» **YOUR ASSIGNMENT**
Your response should be an exact transcription of the data, images excluded.

» **SUPPLIED RECORDS**
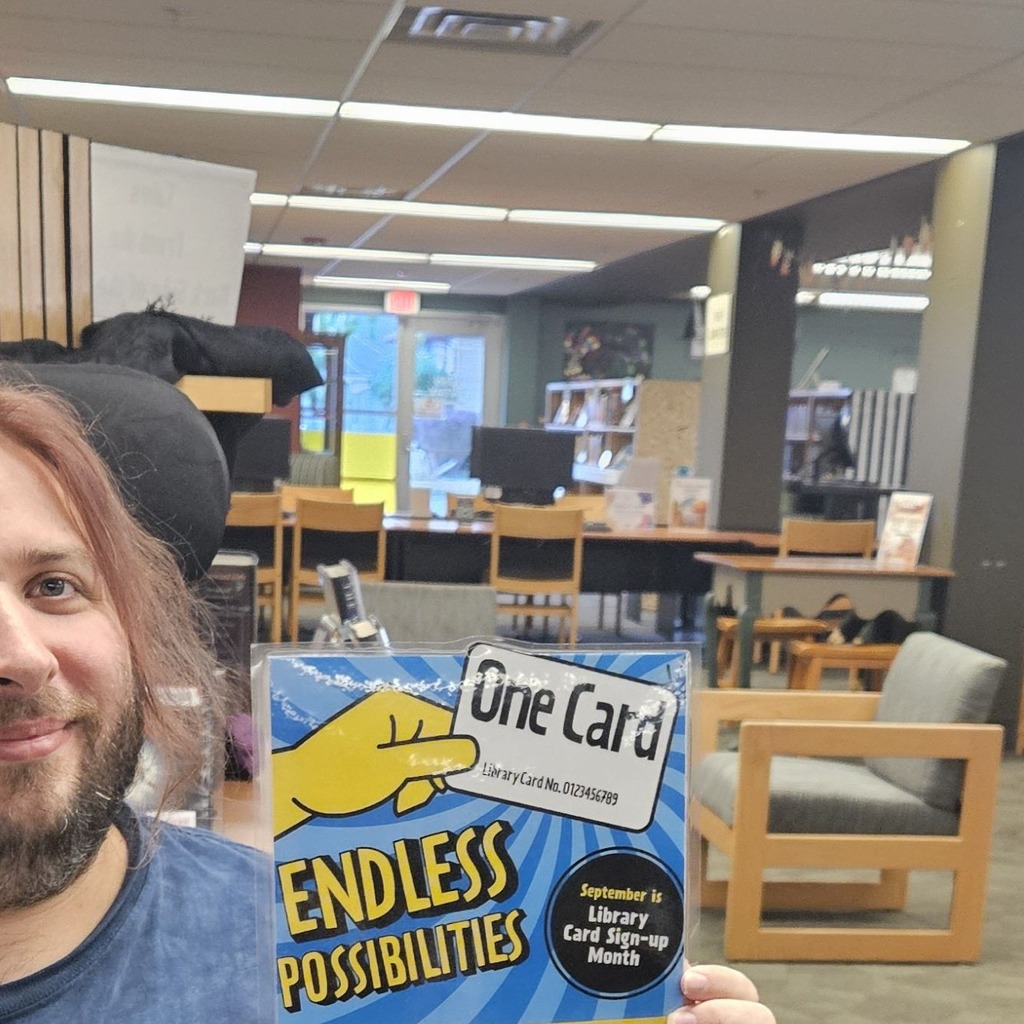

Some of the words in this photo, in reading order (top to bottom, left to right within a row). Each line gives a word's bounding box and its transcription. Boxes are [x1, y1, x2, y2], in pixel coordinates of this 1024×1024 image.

[471, 659, 556, 736] One
[562, 683, 667, 761] Card
[482, 762, 522, 785] Library
[520, 772, 543, 789] Card
[545, 778, 561, 793] No.
[563, 782, 619, 806] 0123456789
[276, 820, 520, 943] ENDLESS
[580, 883, 647, 902] September
[651, 888, 663, 904] is
[588, 905, 649, 930] Library
[563, 924, 601, 943] Card
[606, 927, 669, 951] Sign-up
[276, 908, 531, 1014] POSSIBILITIES
[587, 946, 641, 966] Month
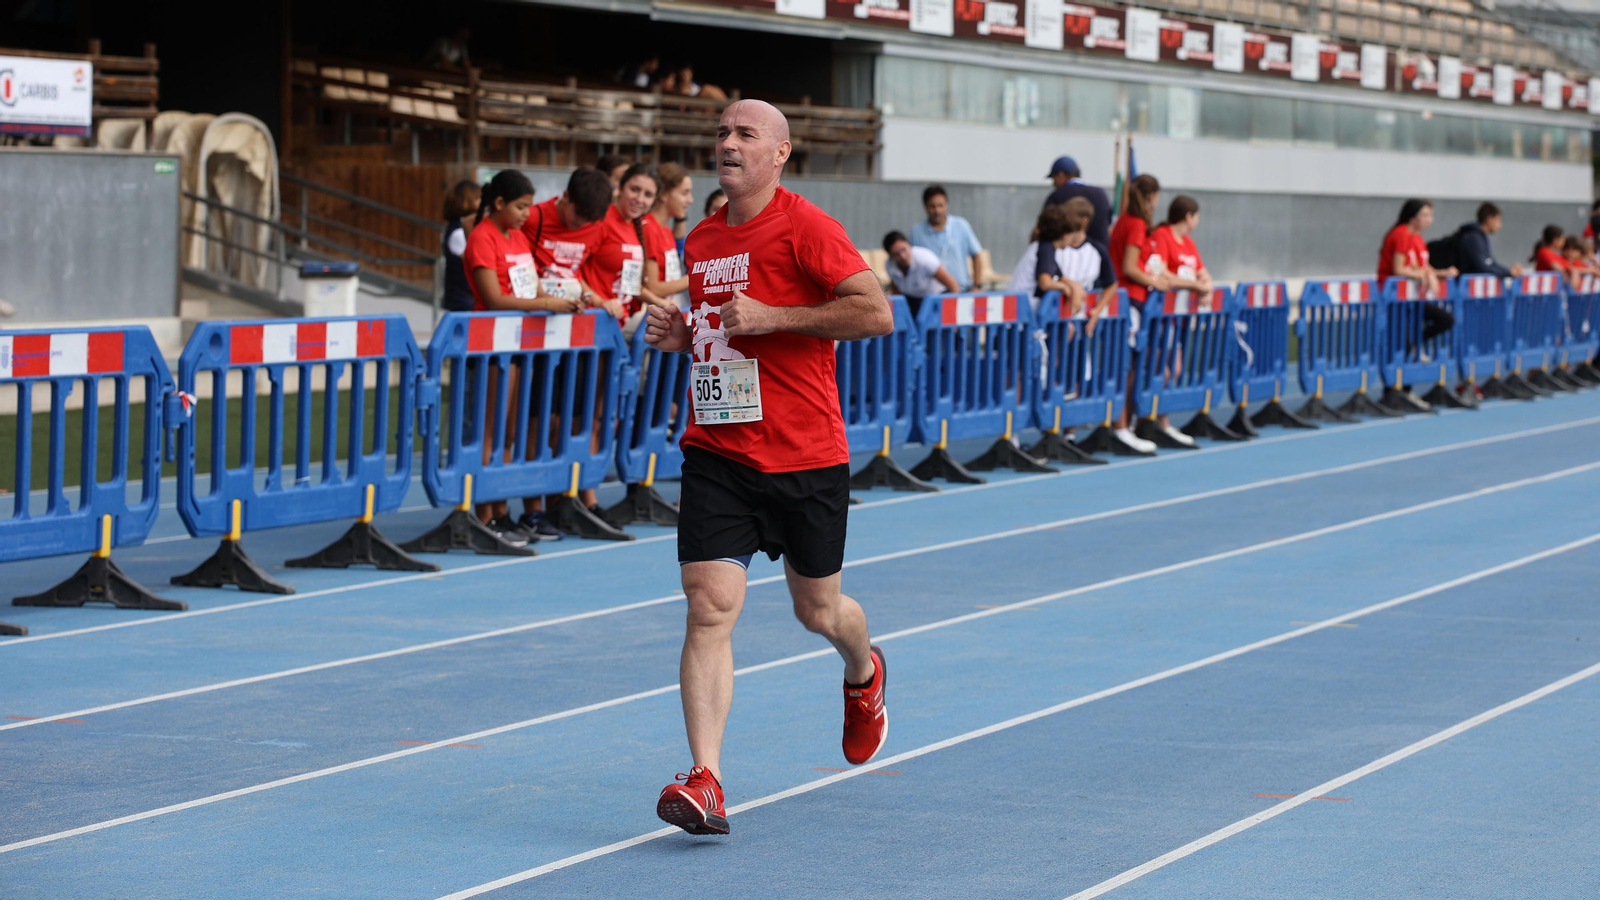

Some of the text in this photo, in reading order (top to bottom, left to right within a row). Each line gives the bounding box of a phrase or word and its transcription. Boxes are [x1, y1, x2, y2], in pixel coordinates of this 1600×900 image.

» **TASK ANSWER**
Some of the words in this photo, in reading order (top to bottom, left to right within a row). Each line gives a word's bounding box and its transcription. Boxes are [x1, y1, x2, y2], in pixel coordinates of this 1024×1024 image.

[471, 659, 556, 736] One
[562, 683, 667, 761] Card
[482, 762, 522, 785] Library
[520, 772, 543, 789] Card
[545, 778, 561, 793] No.
[563, 782, 619, 806] 0123456789
[276, 820, 520, 943] ENDLESS
[580, 883, 647, 902] September
[651, 888, 663, 904] is
[588, 905, 649, 930] Library
[563, 924, 601, 943] Card
[606, 927, 669, 951] Sign-up
[276, 908, 531, 1014] POSSIBILITIES
[587, 946, 641, 966] Month

Some of the text in this photo, in reading order (top to bottom, left to right within a row). Each line gives the bounding box of a phrase or word and its transcription. Boxes are [x1, y1, x2, y2], in pixel coordinates of this 1600×900 image.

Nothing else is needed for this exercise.